Hydrogen fuel cell technology has advanced in leaps and bounds in the last few years. Today, these modern vehicles are the leading green alternative for personal and commercial transportation.
Hydrogen cars produce no emissions and provide current, high-tech, optimal-performance options at affordable prices. The transition from fossil fuel cars to hydrogen fuel cell vehicles is well and truly underway, with a comprehensive refuelling network currently being created right here in Australia.
They have a driving range of more than double that of electric cars.
Due to the size of electric batteries, they cannot be used in large vehicles and aircraft — hydrogen fuel cells are lighter and more compact, which makes decarbonising these industries possible for the first time.
The industry is growing rapidly and is expected to reach an evaluation of US$42,038 million by 2026, while it is projected that 100,000 hydrogen-powered vehicles will be in use in the United States by 2030.
Diesel is currently used widely in generators across construction sites, hospitals, and remote communities, increasing carbon emissions. However, scientific breakthroughs mean hydrogen is fast becoming the best solution, providing the capacity to deliver stable electricity to power future technology. In addition, hydrogen is the best green alternative fuel option to replace diesel because it is not heavy to transport and inexpensive to produce.

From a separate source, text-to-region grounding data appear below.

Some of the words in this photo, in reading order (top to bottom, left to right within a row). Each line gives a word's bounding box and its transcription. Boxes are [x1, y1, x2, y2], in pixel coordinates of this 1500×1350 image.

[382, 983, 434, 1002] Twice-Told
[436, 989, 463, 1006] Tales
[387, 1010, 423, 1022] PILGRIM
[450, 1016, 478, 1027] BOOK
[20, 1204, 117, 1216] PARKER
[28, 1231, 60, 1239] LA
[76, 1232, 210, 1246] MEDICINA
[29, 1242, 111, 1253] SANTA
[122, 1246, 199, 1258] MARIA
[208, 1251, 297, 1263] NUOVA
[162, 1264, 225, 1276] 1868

There is significant room for growth. Diesel currently powers 41% of transport and electricity generation in the Australian mining sector, which creates early-market opportunities for off-take deals.
Hydrogen has the support of the Australian Government as the leading option to replace diesel. The Australian Commonwealth’s National Hyrodgen Strategy outlines a pathway for it to be commercially competitive with diesel by 2025.

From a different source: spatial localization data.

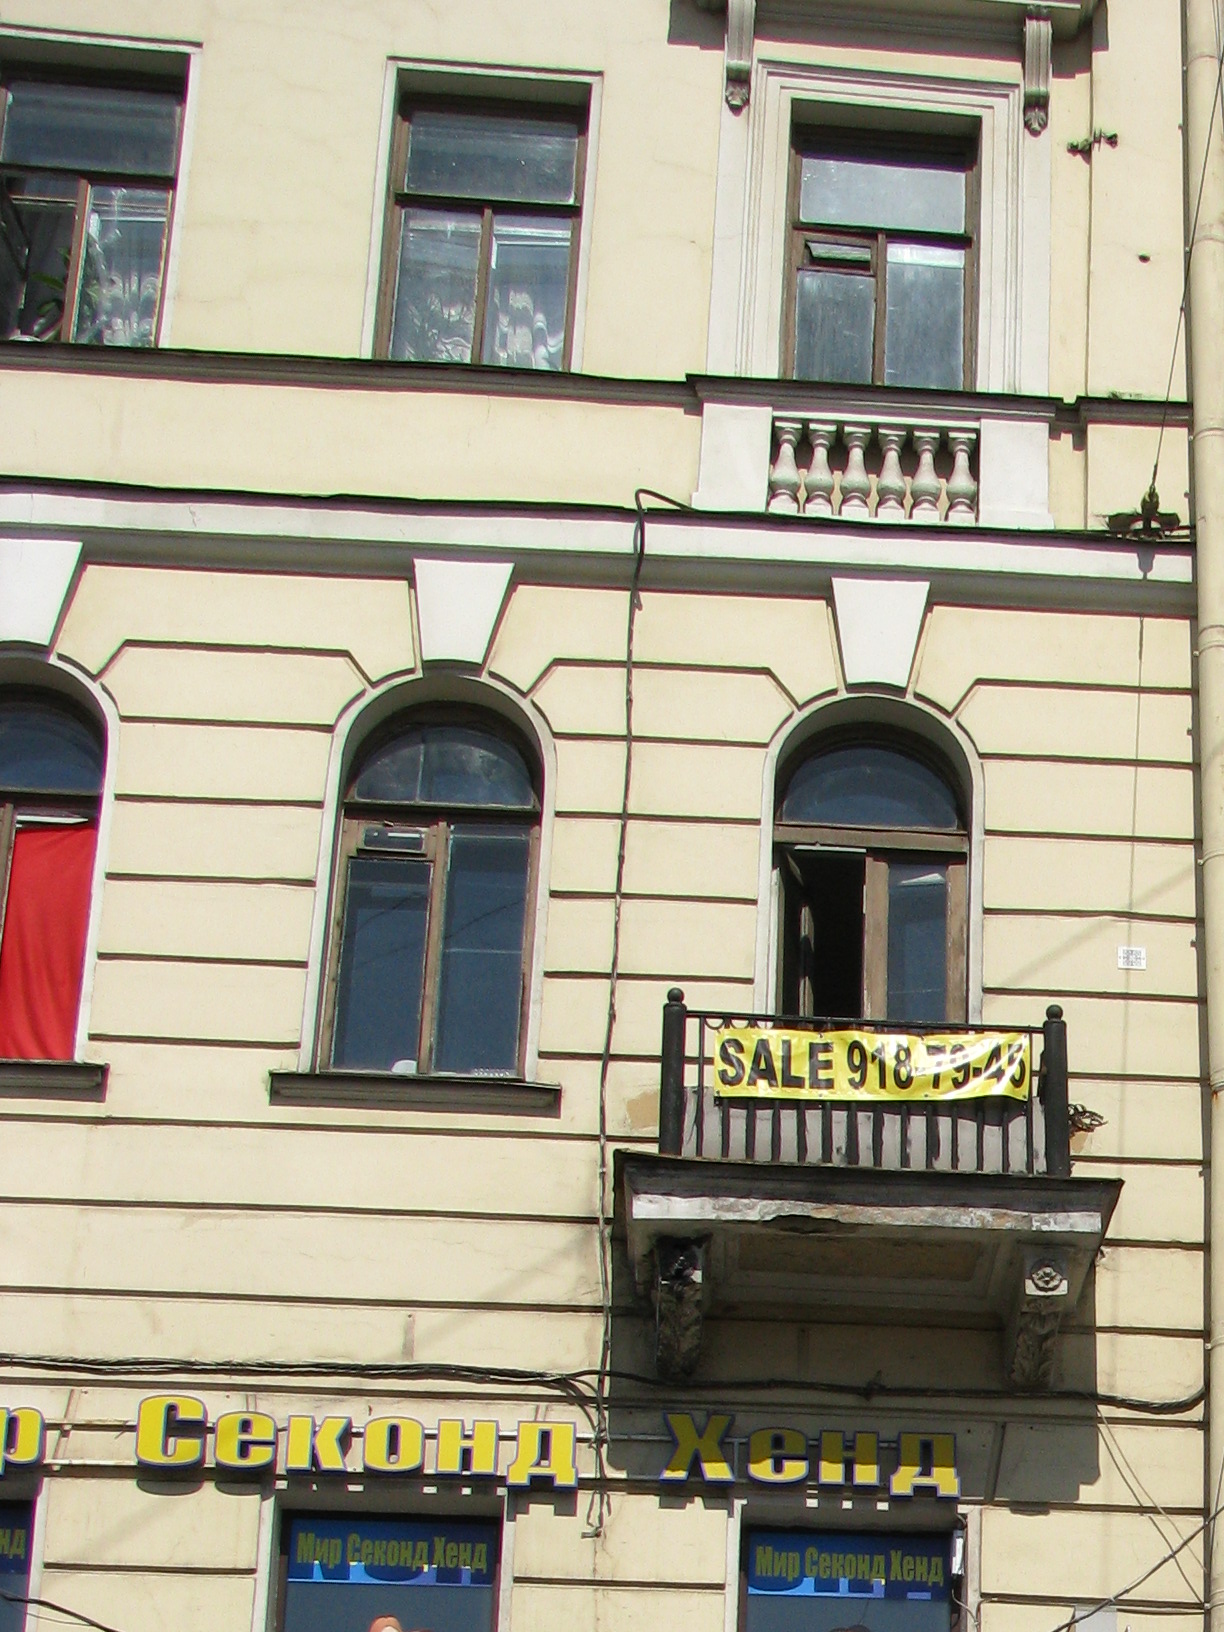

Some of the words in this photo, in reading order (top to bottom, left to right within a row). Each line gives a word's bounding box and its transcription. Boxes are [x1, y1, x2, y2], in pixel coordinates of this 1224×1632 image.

[718, 1038, 835, 1088] SALE
[136, 1394, 578, 1488] Секонд
[660, 1410, 961, 1498] Хенд
[297, 1532, 342, 1569] Мир
[346, 1533, 429, 1573] Секонд
[432, 1536, 487, 1572] Хенд
[755, 1545, 801, 1580] Мир
[804, 1546, 886, 1583] Секонд
[889, 1551, 944, 1587] Хенд

Constant technological advancement and high-level investment mean off-grid electricity systems can be turned into cutting-edge green hydrogen energy generators. As these capabilities are developed, hydrogen is positioning itself to replace other non-renewable electricity generation in the long term.
Countries all across the globe have made significant commitments to reduce emissions, and hydrogen will play a substantial part in this. In Australia, the transition from high emissions electricity to clean, renewable energy will rely on the adaptation of hydrogen generators and fuel cells.
It does not create any emissions — which even clean diesel does — making it the best option for green energy production.
It is the most effective and most accessible substitute for all traditional fuels.
It can be used to support or back up other renewable energy sources, such as solar and wind power — significantly accelerating the transition to clean power.
Other renewable energy sources are primarily dependent on weather cycles, leading to potential gaps in electricity and unpredictability, making these sources unreliable. Due to this, one of the significant applications of hydrogen electricity is stabilising and supporting other renewable energy sources to ensure continued energy coverage.
KPMG estimates that the adaptation of hydrogen power will significantly reduce the cost of electricity by 2050, reaching AU$27 per MWh in many locations.
Hydrogen generators are highly competitive with the cost of operating both diesel-solar or solar-battery hybrid systems.
Hydrogen can be produced year-round, unaffected by seasons or the elements, making it the perfect backup for other renewable energy sources.